Pretty in Pink
Fashion and food have been mortal enemies since someone decided you couldn’t enjoy both, and somewhere in the eternal standoff between the rice cake and the cheeseburger there’s a column like this one—five strangers, their clothes, and whatever you can read between the seams.
Shelley is nineteen, Swedish, and has the kind of legs that make you briefly reconsider everything. Whether that’s genetics or a committed relationship with the toilet is, in the end, nobody’s business but hers—she looks like she was designed specifically to wear Lee denim and Converse, and she’s draped a self-made Boys Noize memorial shirt over it all for good measure. Leaning at that railing, she looks like one good gust would end the whole session. I would absolutely still risk it.
Alice is twenty-one, Italian by birth and Tokyo by residence, and she’s found something most people miss entirely: a traffic cone on your head—or the architectural approximation she’s working with—transforms the visual hierarchy of any outfit. The clothes look like they came from a Japanese cathedral, which sounds like a compliment and is. She’s too naturally good-looking for the hat to register as a problem. It registers anyway.
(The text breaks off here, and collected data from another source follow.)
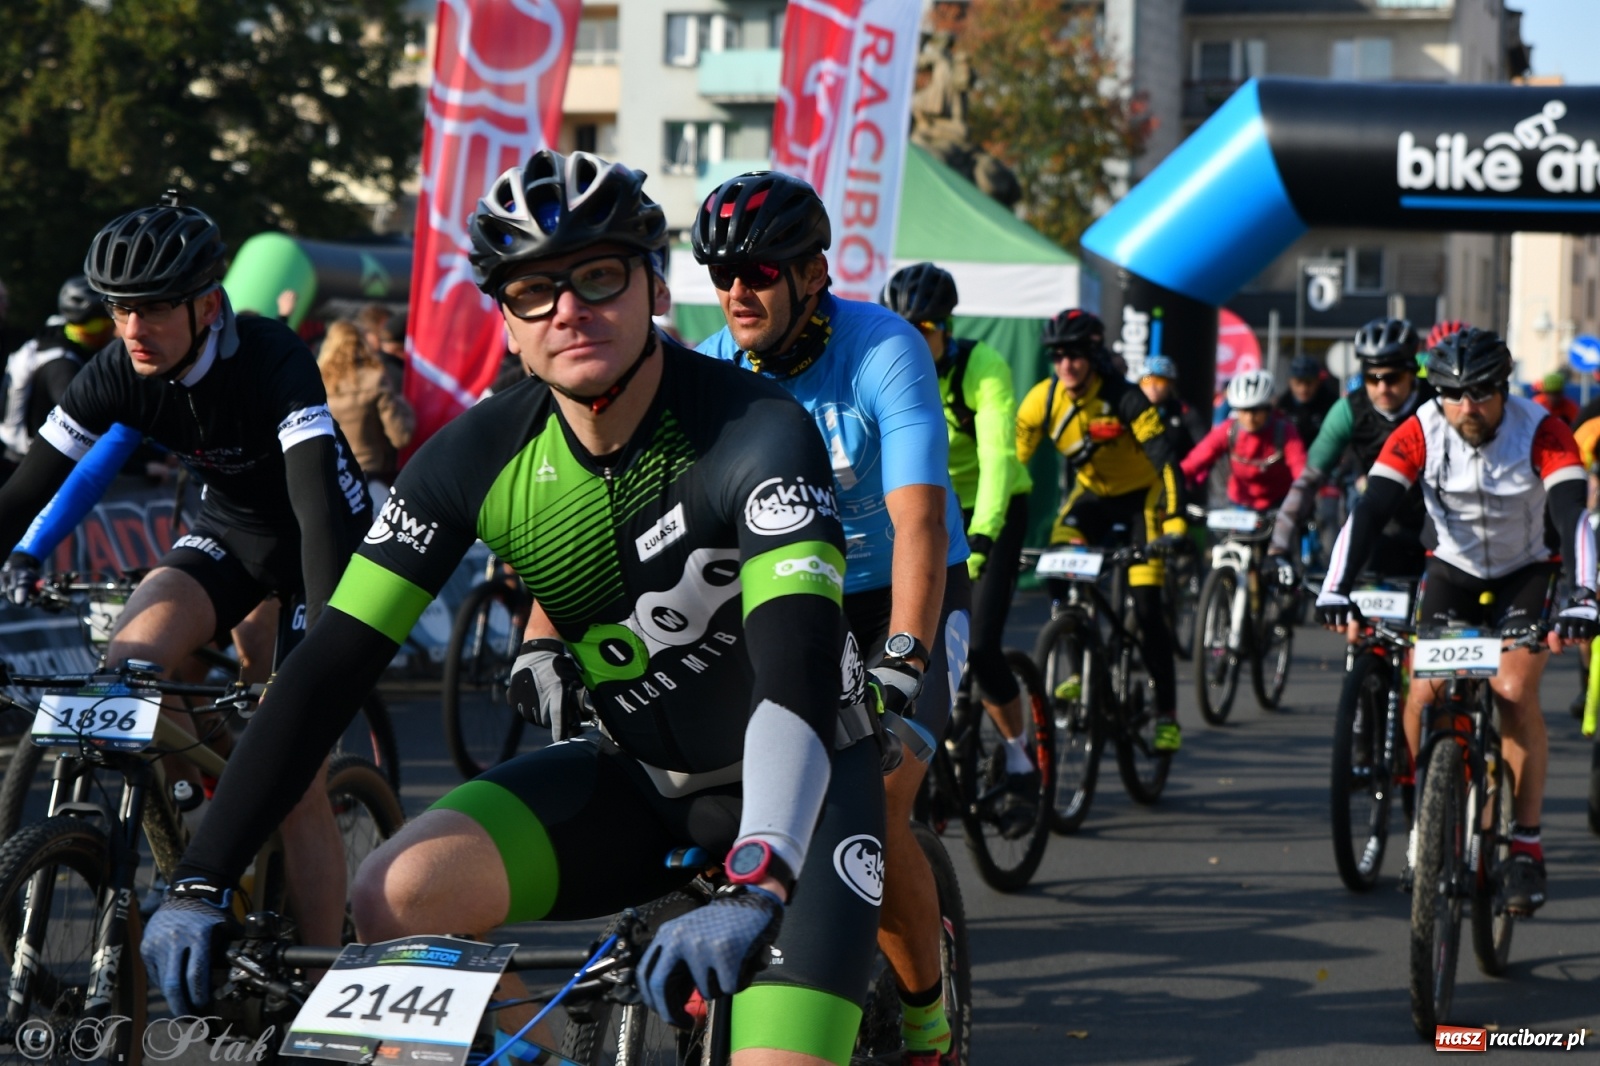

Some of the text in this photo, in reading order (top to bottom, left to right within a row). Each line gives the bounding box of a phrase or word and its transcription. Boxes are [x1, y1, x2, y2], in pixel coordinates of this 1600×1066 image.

[1397, 131, 1600, 194] bike at
[776, 476, 838, 513] kiwi
[380, 496, 439, 546] kiwi
[1353, 596, 1395, 611] 082
[614, 631, 738, 714] KLUB MTB
[1428, 646, 1484, 664] 2025
[57, 707, 137, 732] 1896
[326, 983, 455, 1027] 2144
Harald defies summary. Who rushes to your rescue when the law arrives? Harald. Is it a bird, a plane, something orange sitting on your roof? Harald. How much sangria before you run into him at a party? Harald. What does your brother claim he’s doing on Saturday afternoons? Harald. I have no idea who Harald is. I respect him completely.
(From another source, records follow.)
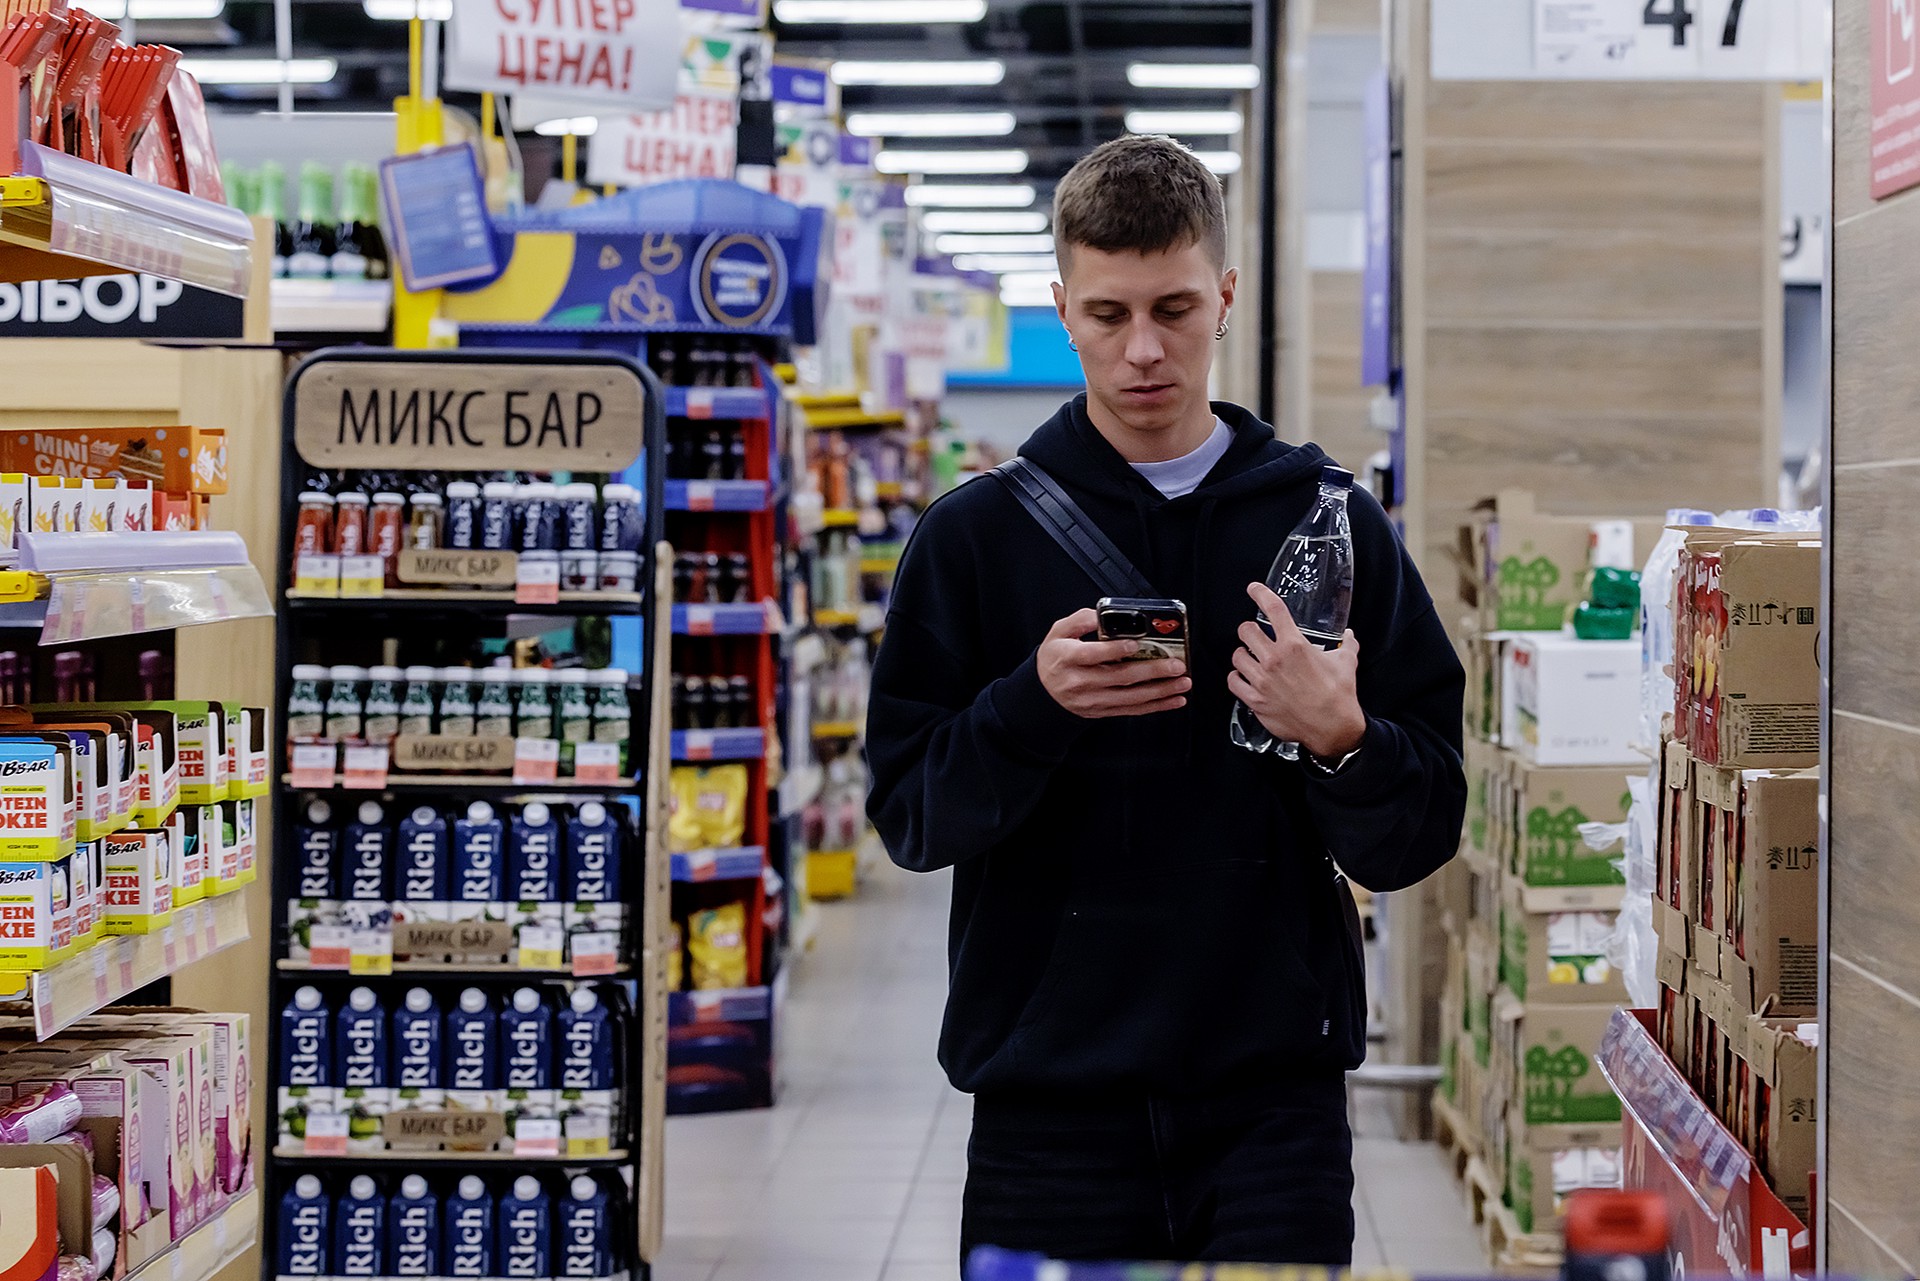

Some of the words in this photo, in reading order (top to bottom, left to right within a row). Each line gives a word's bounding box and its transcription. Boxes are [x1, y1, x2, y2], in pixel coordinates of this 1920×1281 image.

[498, 34, 632, 90] ЦЕНА!
[338, 388, 486, 446] МИКС
[504, 391, 602, 448] БАР
[35, 453, 102, 478] CAKE
[0, 761, 49, 777] BBAR
[0, 797, 47, 810] TEIN
[301, 831, 331, 897] Rich
[353, 832, 383, 899] Rich
[406, 832, 436, 900] Rich
[462, 834, 492, 900] Rich
[519, 834, 548, 901] Rich
[576, 834, 605, 901] Rich
[0, 907, 34, 919] EIN
[290, 1019, 319, 1084] Rich
[346, 1019, 375, 1086] Rich
[401, 1020, 431, 1087] Rich
[455, 1021, 485, 1088] Rich
[509, 1021, 538, 1088] Rich
[563, 1021, 593, 1088] Rich
[290, 1206, 319, 1274] Rich
[345, 1207, 375, 1275] Rich
[399, 1207, 427, 1276] Rich
[454, 1207, 483, 1276] Rich
[508, 1208, 538, 1276] Rich
[566, 1208, 595, 1276] Rich
Zara is eighteen, British, apparently in possession of a Fujifilm camera, a decent mirror, and one uninterrupted hour—which turns out to be the exact recipe for something that looks planned and feels completely natural. There’s a version of the world where every person gets those three things and a locked room to do something with them, and Zara is the argument for why that world would be better.
Then there’s Fiia—eighteen, Helsinki, a collapsed version of Pippi Longstocking with a Hitler piercing and a Marley hairdo, hanging around a park with her skateboard and those hellacious blue eyes, bellowing the words to Fuck Forever through an H&M shirt. She has no idea how cool she is. That’s what makes it real.